Silver document case, c.1890, with repoussé decoration, bearing the monogram ‘LWR’ for Lionel Walter, 2nd Lord Rothschild (1868-1937) and the five arrows device of the Rothschild family, derived from Grant of Arms of the Imperal Austrian barony conferred upon the five Rothschild brothers in 1822.
Lionel Walter, 2nd Lord Rothschild
Among the Rothschild family, an interest in the natural world has perhaps been most clearly manifested in the life of Lionel Walter, 2nd Lord Rothschild who amassed the largest collection of taxonomic specimens ever assembled by one individual.

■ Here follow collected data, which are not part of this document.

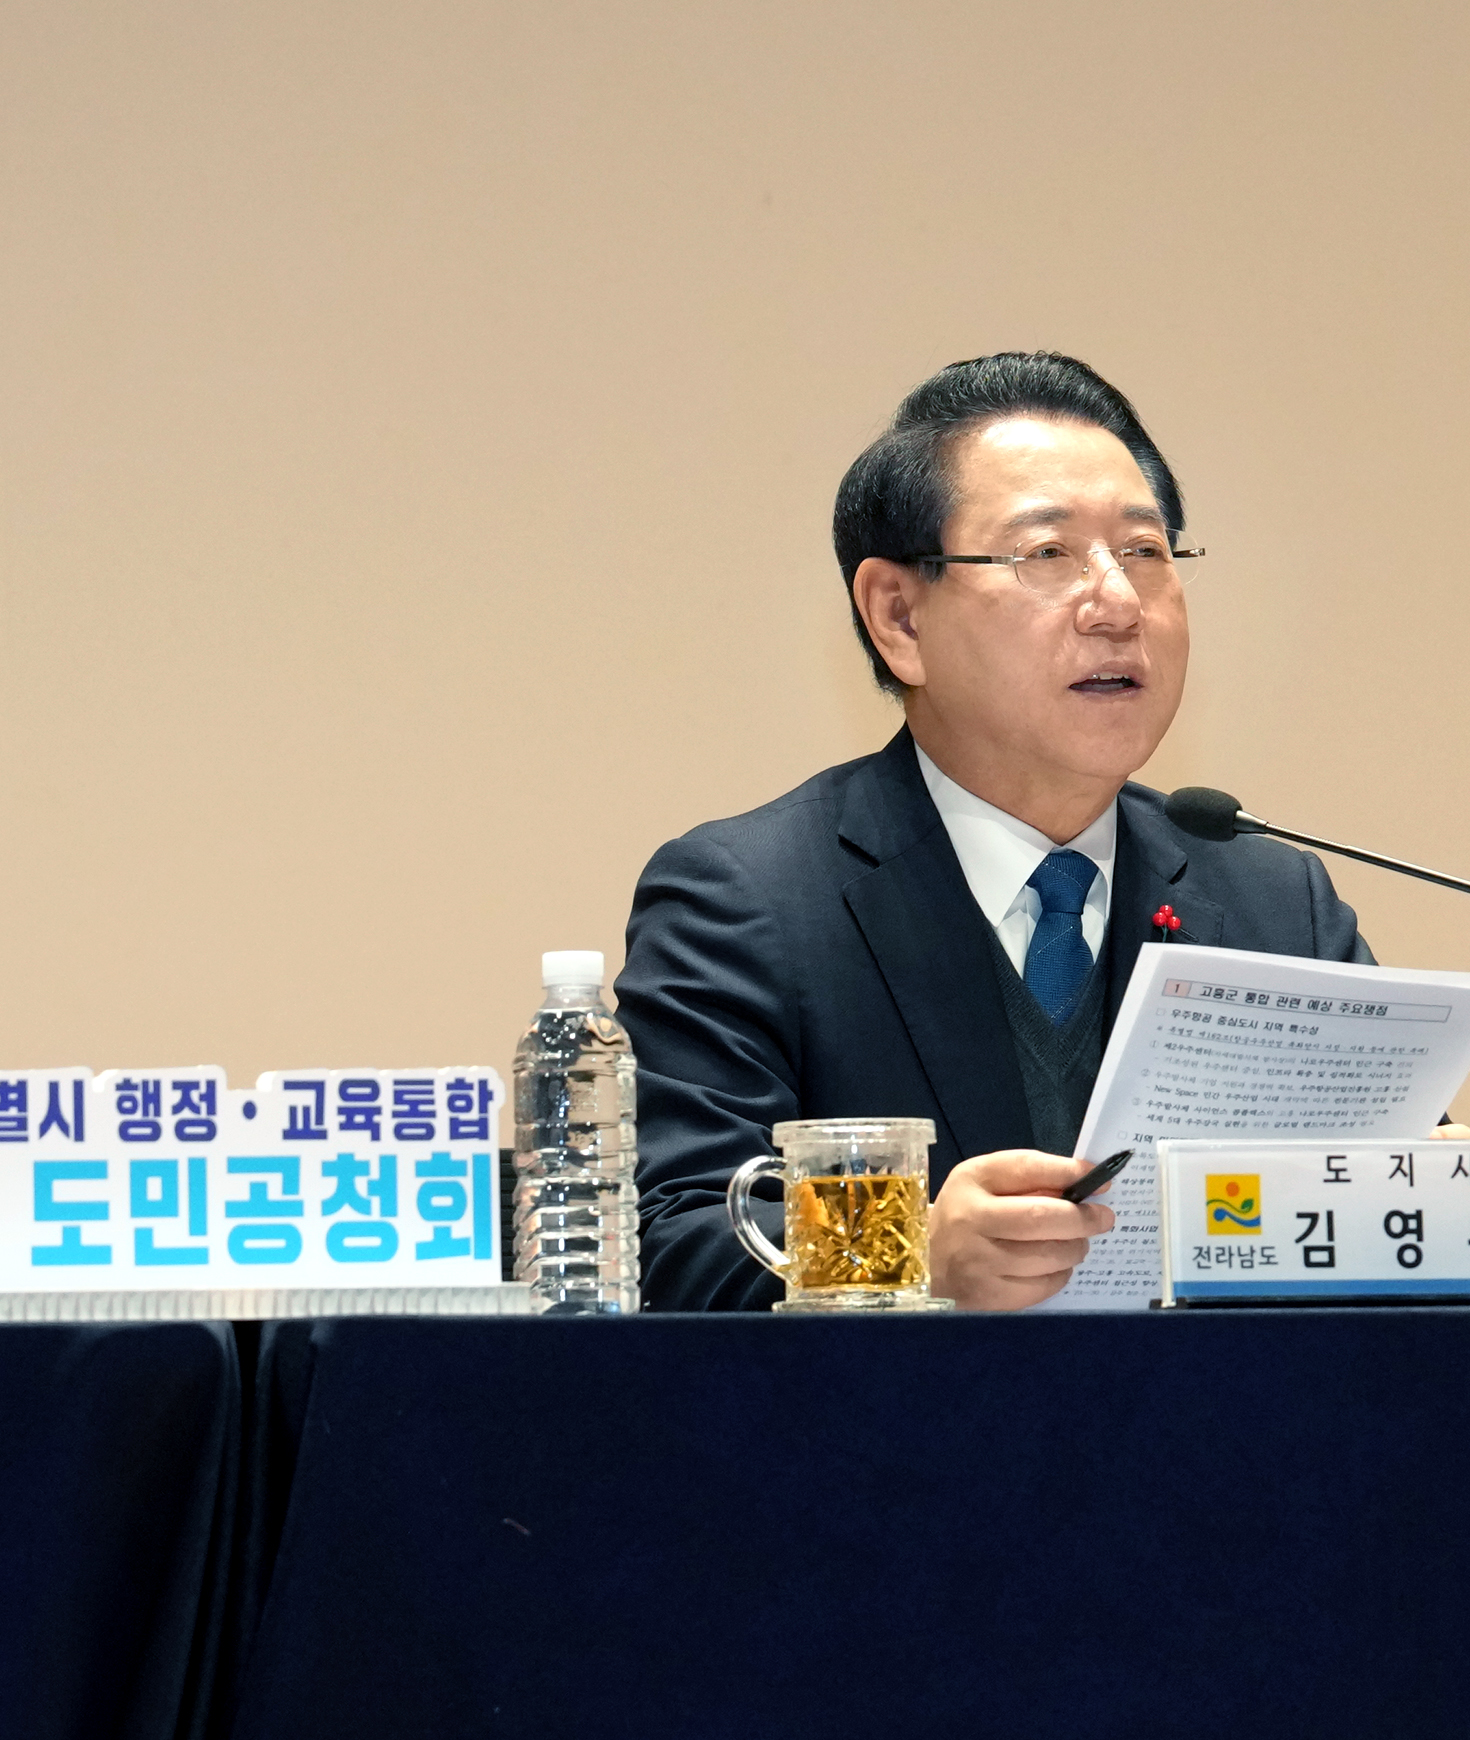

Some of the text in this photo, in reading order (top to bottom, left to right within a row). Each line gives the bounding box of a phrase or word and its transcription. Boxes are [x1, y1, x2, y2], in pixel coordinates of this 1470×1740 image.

[1174, 983, 1389, 1017] 1 고흥군 통합 관련 예상 주요쟁점
[1171, 1008, 1320, 1036] 우주항공 중심도시 지역 특수성
[1154, 1084, 1172, 1094] New
[1175, 1087, 1199, 1098] Space
[0, 1079, 85, 1142] 별시
[1133, 1133, 1153, 1143] 지역
[31, 1151, 493, 1266] 도민공청회
[1120, 1225, 1159, 1233] 특화사업
[1192, 1246, 1279, 1270] 전라남도
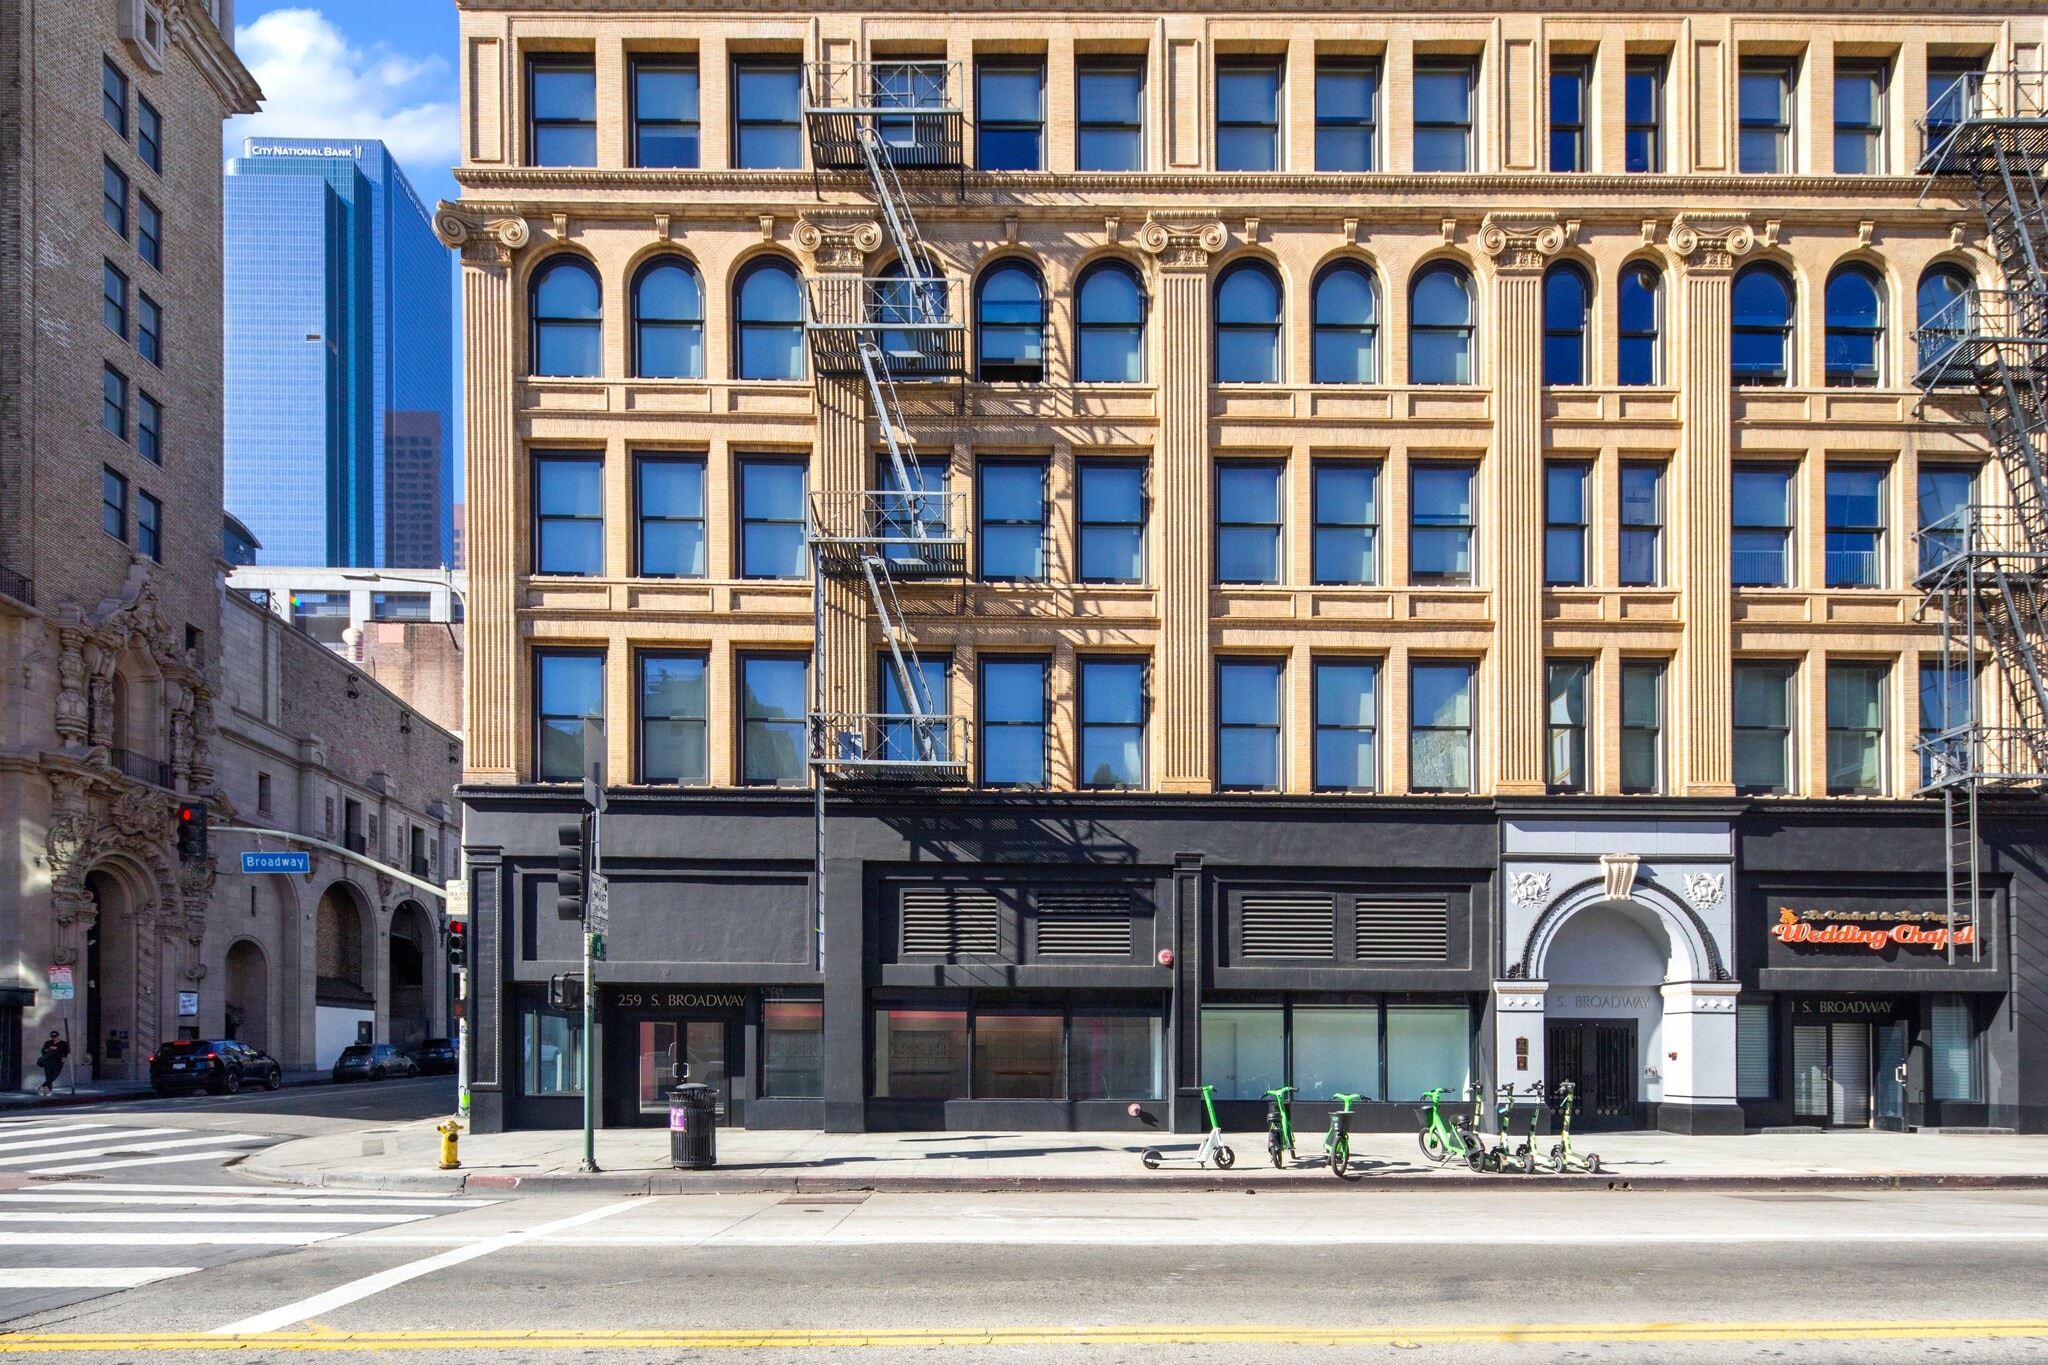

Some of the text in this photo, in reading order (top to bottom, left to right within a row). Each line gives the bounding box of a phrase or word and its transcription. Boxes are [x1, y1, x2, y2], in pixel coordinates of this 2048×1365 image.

Walter’s interest in natural history began when he was a child, collecting butterflies. Walter knew exactly what he wanted to do when he grew up, announcing at the age of seven, 'Mama, Papa, I am going to make a museum...'. By the time he was ten, he had enough natural history objects to start his first museum, in a garden shed. His collection was to expand, forming the raw material for the publication of over 800 scientific papers and the description of several hundred previously unknown species, many described in his own periodical 'Novitates Zoologicae', published for 45 years.
Walter's Zoological Museum at Tring, now the Natural History Museum Tring survives as a legacy of this remarkable collection.